O Recife esteve no roteiro de cineastas famosos e até de astros e estrelas de Hollywood. Dois ilustres personagens que deixaram marcas na memória da população foram Orson Welles (1915 – 1985) e Roberto Rosellini (1906-1977). O primeiro teve uma passagem tão tumultuada, segundo contavam seus contemporâneos, que levou o saudoso cineasta Amin Steple a fazer o filme That´s a Lero-Lero, mostrando que tudo que o diretor de Cidadão Kane queria, no Recife, era fazer farra e conhecer os inferninhos da cidade. Já a visita do diretor italiano levou o escritor Cícero Belmar a escrever o divertido livro Rosellini amou a pensão de Dona Bombom, uma ficção inspirada boa parte em fatos reais. Lembro, também, de uma rápida passagem de Franco Zeffirelli pelo Aeroporto dos Guararapes, na década de 1970.
Nos anos 1940, passou pelo Recife Errol Flynn (1909-1959). Na década de 1960, outros artistas famosos também andaram pela cidade: Gene Barry (1919-2009), o intérprete da série Bat Masterson, sucesso mundial no século passado. Ele fez um show no Clube Português, que virou um “formigueiro”, de tanta gente querendo vê-lo. Em 1961 – mesmo ano da visita de “Bat Masterson” – quem passou por esta capital foi Tony Curtis (1925-2010), então um galã famoso do cinema americano. Chegou com a mulher (Janet) e filhos. E resolveu passear pelas nossas ruas, enquanto o navio em que veio dos Estados Unidos aguardava partida para a Argentina. Ia para Buenos Aires. Nos anos 1970, quem passou rapidamente pela cidade – dessa vez em escala de voo – foi Franco Zeffirelli (1923-2019). E eu estava lá, no Aeroporto dos Guararapes, para relatar sua visita. Galanteador, alegre e brincalhão.

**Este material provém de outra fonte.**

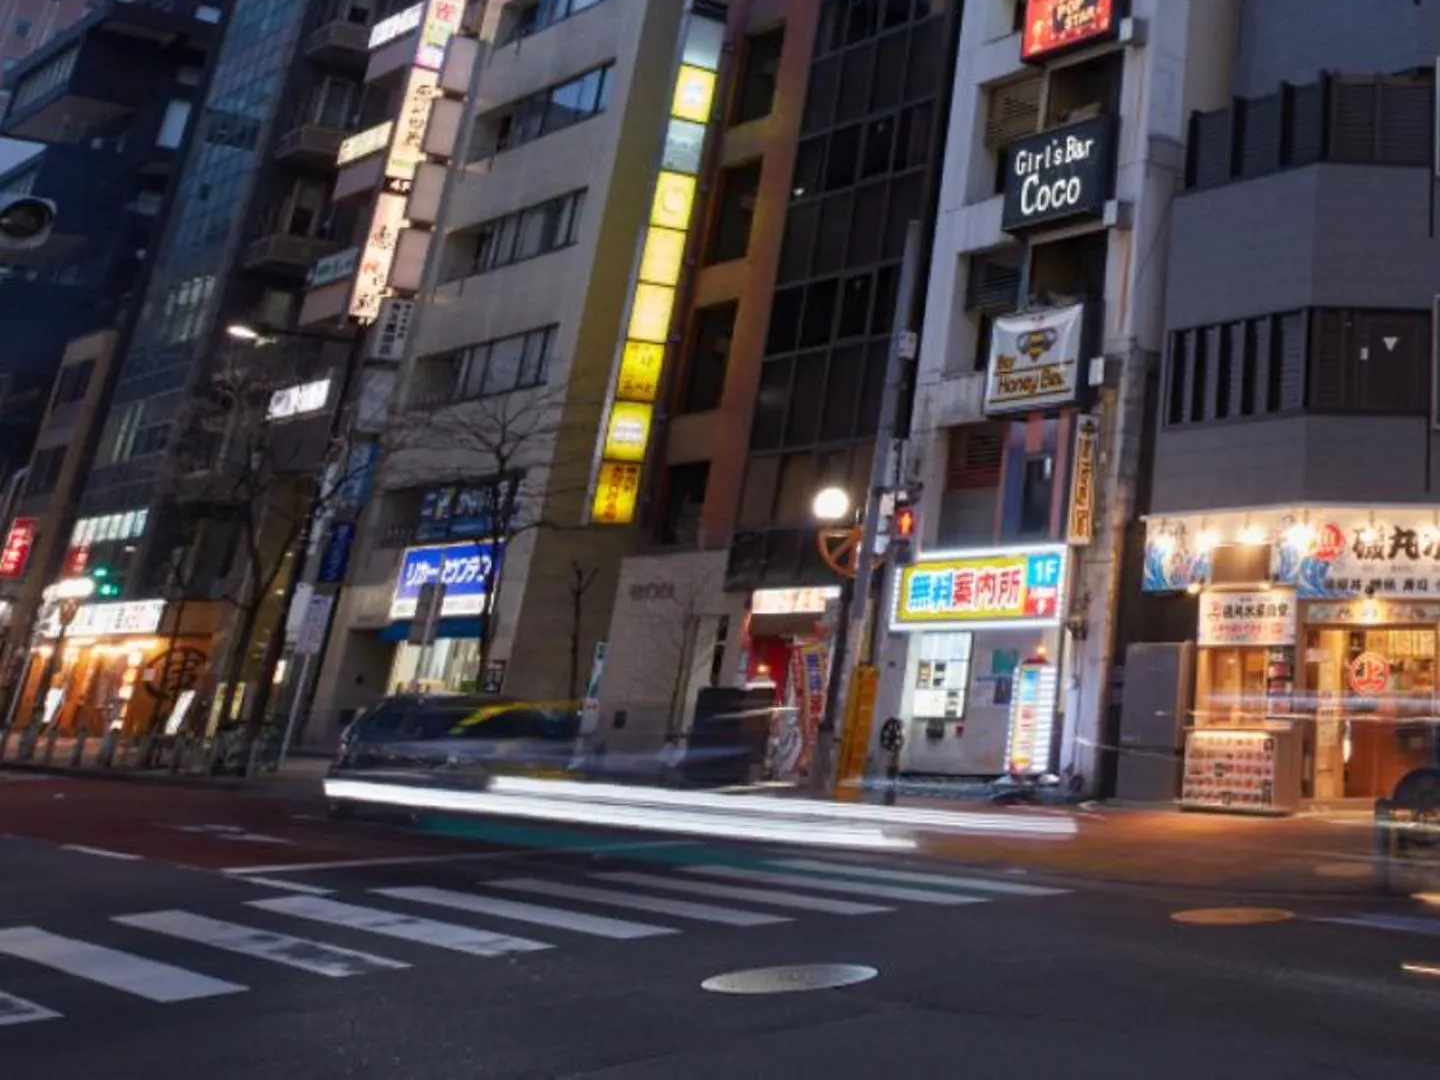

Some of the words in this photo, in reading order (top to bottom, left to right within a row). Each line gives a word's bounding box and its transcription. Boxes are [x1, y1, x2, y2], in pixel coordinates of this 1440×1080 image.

[1015, 138, 1063, 176] Girl's
[1065, 133, 1094, 164] Bar
[1020, 173, 1082, 216] Coco
[909, 569, 1021, 609] 無料案内所
[1034, 559, 1058, 583] 1F

O que pouca gente sabe é que Henry Fonda (1905-1982) também esteve no Recife. Discretamente, mas esteve. Quem assegura é Esther Katz Azoubel (foto) que, aos 96, tem memória de fazer inveja a muita gente de 40. À época moradora do bairro da Boa Vista, ela lembra que deparou-se com o galã quando foi comprar pão e leite na padaria. “Naquele tempo, a Praça Maciel Pinheiro tinha bancos de pedra, a fonte, a estátua e também dois jambeiros”, diz.
“Ele estava sentado e olhava os prédios como se contemplasse a cidade”, lembra. Tia Teté – como a chamam os sobrinhos, inclusive o amigo Jacques Ribemboim – lembra que ele usava camisa branca e calça escura. “Foi um presente ver um artista de Hollywood tão pertinho de mim”, conta. Tímida, ela não o abordou, sequer, para um autógrafo. “O Recife não tinha grandes hotéis e os galãs se hospedavam no Hotel Central e até passeavam na Maciel Pinheiro”, com certeza uma praça sem a decadência que lhe caracteriza nos dias de hoje. Outros artistas optavam pelo então Grande Hotel, como Errol Flynn.
Discreta, Tia Teté conta que era tímida, ao contrário de suas colegas de classe. E lembra que pelo “jeitão” de Henry Fonda, ele deveria não gostar de ser assediado. No entanto, outro astro que passaria na época pelo Recife provocaria uma “revolução” entre as moçoilas: Errol Flynn (de terno), que em 1940 visitaria o Brasil, passando pelo Rio, Recife, Belém e Salvador. Teté conta que as colegas de classe pularam o muro do colégio e foram até o Grande Hotel, em frente do qual o astro teria chegado de hidroavião. “No dia seguinte elas apareceram com pedaços da roupa dele, dos bolsos, e até botão da camisa”, diverte-se. “Eu não gostei disso, para mim foi uma atitude feia”, afirma Teté.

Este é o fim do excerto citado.